I attempted the vectordbqa chain method which failed. As per below it threw an error with regards to res.metadata
when the similarity search function is run:
error:
error TypeError: Cannot destructure 'res.metadata' as it is undefined.
at PineconeStore.similaritySearchVectorWithScore
code:
const model = new OpenAI({});
/* Initialize Pinecone client*/
const pinecone = new PineconeClient();
//initialize the vectorstore to store embeddings
await pinecone.init({
environment: `${process.env.PINECONE_ENVIRONMENT}`,
apiKey: `${process.env.PINECONE_API_KEY}`,
});
// retrieve API operations for index created in pinecone dashboard
const index = pinecone.Index("index");
console.log("index", index);
try {
// /* Create the vectorstore */
const vectorStore = await PineconeStore.fromExistingIndex(
index,
new OpenAIEmbeddings(),
"text",
"test"
);
console.log("vectorstore", vectorStore);
//error
const resultOne = await vectorStore.similaritySearch("president", 3);
console.log("resultsOne", resultOne);
I have tested separately that pinecone's query function works as expected and returns metadata text. However, resultOne
throws the error once I try to use the similaritySearch
function which abstracts index.query.
I found value of result
within the similaritySearch
function whilst debugging. This explains the metadata
undefined error, but the cause is unknown for now.
code:
[
{
id: "id",
score: 0,
values: [
],
metadata: undefined,
},
]
Regardless, this shows that Pinecone can return matches with undefined metadata which breaks the function.
@mayooear ah interesting, thanks a lot for debugging! We should at least definitely be a bit more defensive handling the response from pinecone
I found and fixed the problem. namespace
property is missing in the pineconeClient.query
function. Pinecone vectors have namespaces that return the metadata.
Shall I go ahead an make a pull request for "defensive handling" and fixing this bug?
@mayooear yes thank you!
@nfcampos upon further investigation and many tests, I discovered there may be a core issue with the pinecone api docs and client types.
Essentially, when a new vector is created without a namespace it doesn't seem possible to query
or fetch
it. Their api docs say "The Query operation searches a namespace, using a query vector. It retrieves the ids of the most similar items in a namespace, along with their similarity scores."
And yet, the namespace
field is optional.

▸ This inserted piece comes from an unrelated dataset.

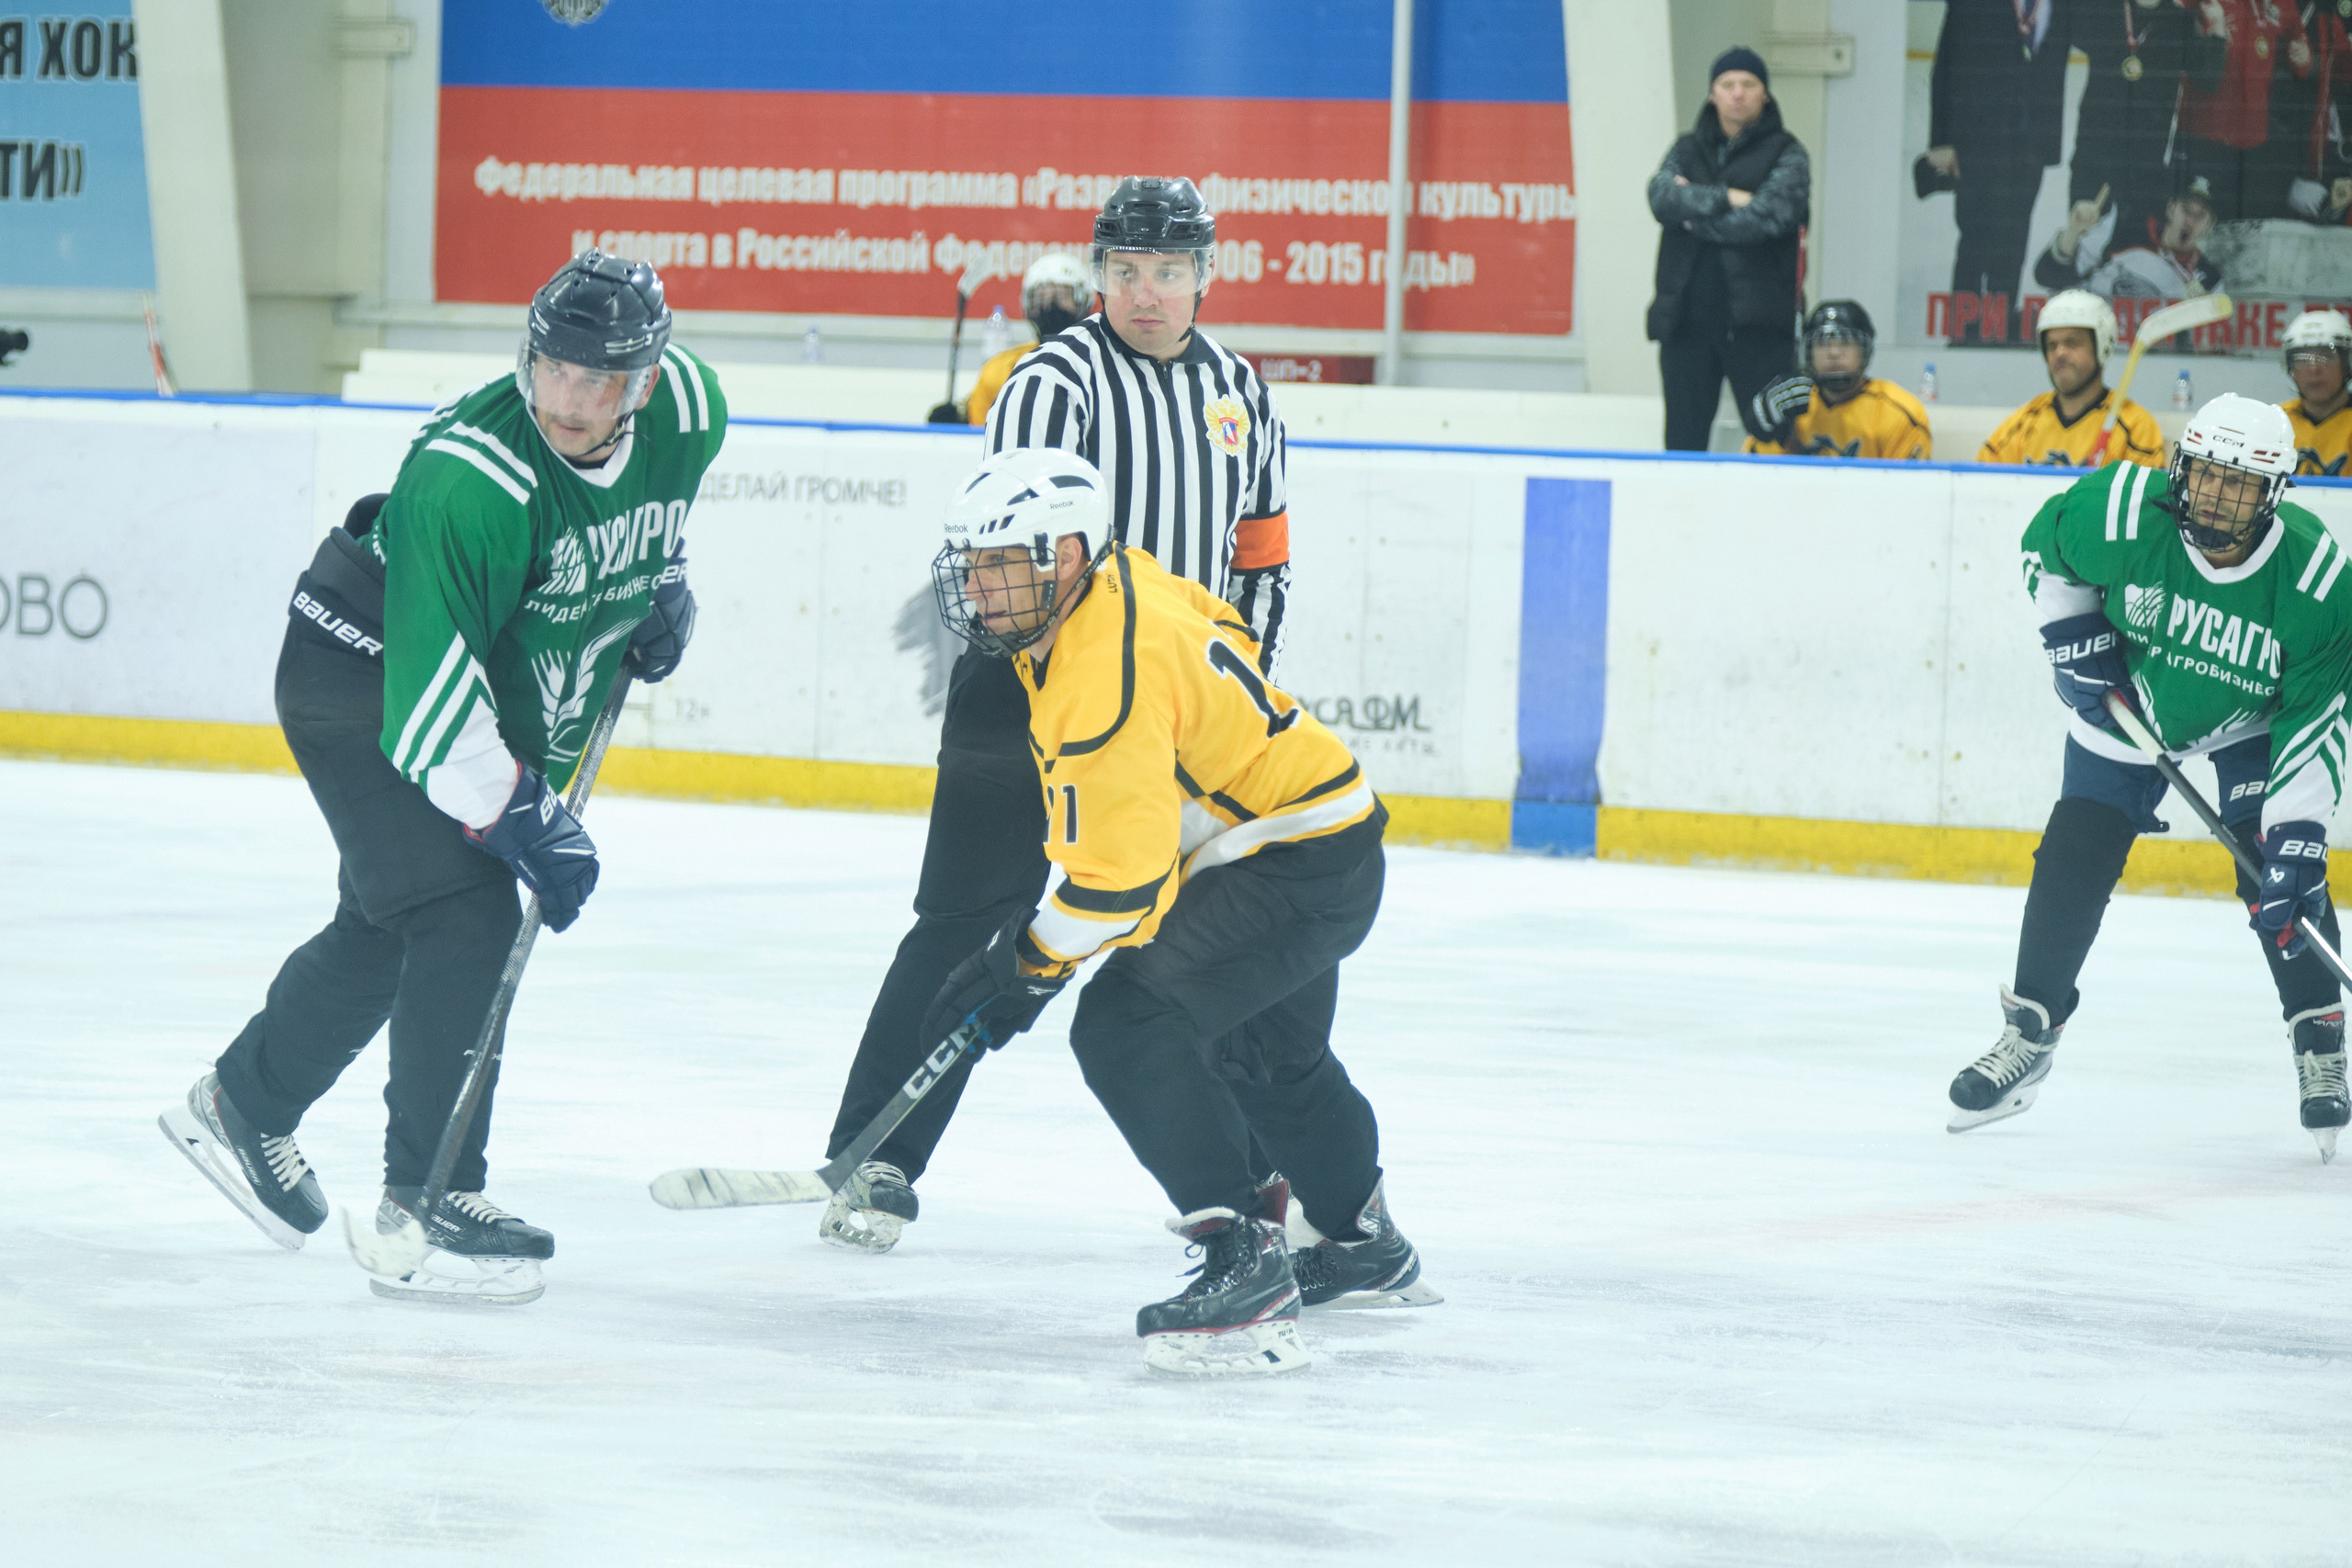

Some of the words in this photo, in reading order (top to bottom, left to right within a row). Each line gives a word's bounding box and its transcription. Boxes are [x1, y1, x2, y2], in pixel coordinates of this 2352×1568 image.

It appears that it should be required.
But this also means that the user should also be required to create namespaces for new vectors.
I can make another pull request to make namespaces required via Pinecone.ts, but I just wanted to get your thoughts/feedback first.
@mayooear thanks for looking into this more. from reading the pinecone docs I think namespace is optional, see When you don't specify a namespace name for an operation, Pinecone uses the default namespace name of "" (the empty string).
in https://docs.pinecone.io/docs/namespaces. I'm going to merge your PR now
Thanks for clarifying!
As per the docs and latest Pinecone library, the code below should work. However, the function
PineconStore.fromDocuments
throws an error as per below. It appears there is an issue passing the vectors to Pinecone.code:
Error log: error PineconeClient: Error calling upsert: PineconeClient: Error calling upsertRaw: RequiredError: Required parameter requestParameters.upsertRequest was null or undefined when calling upsert.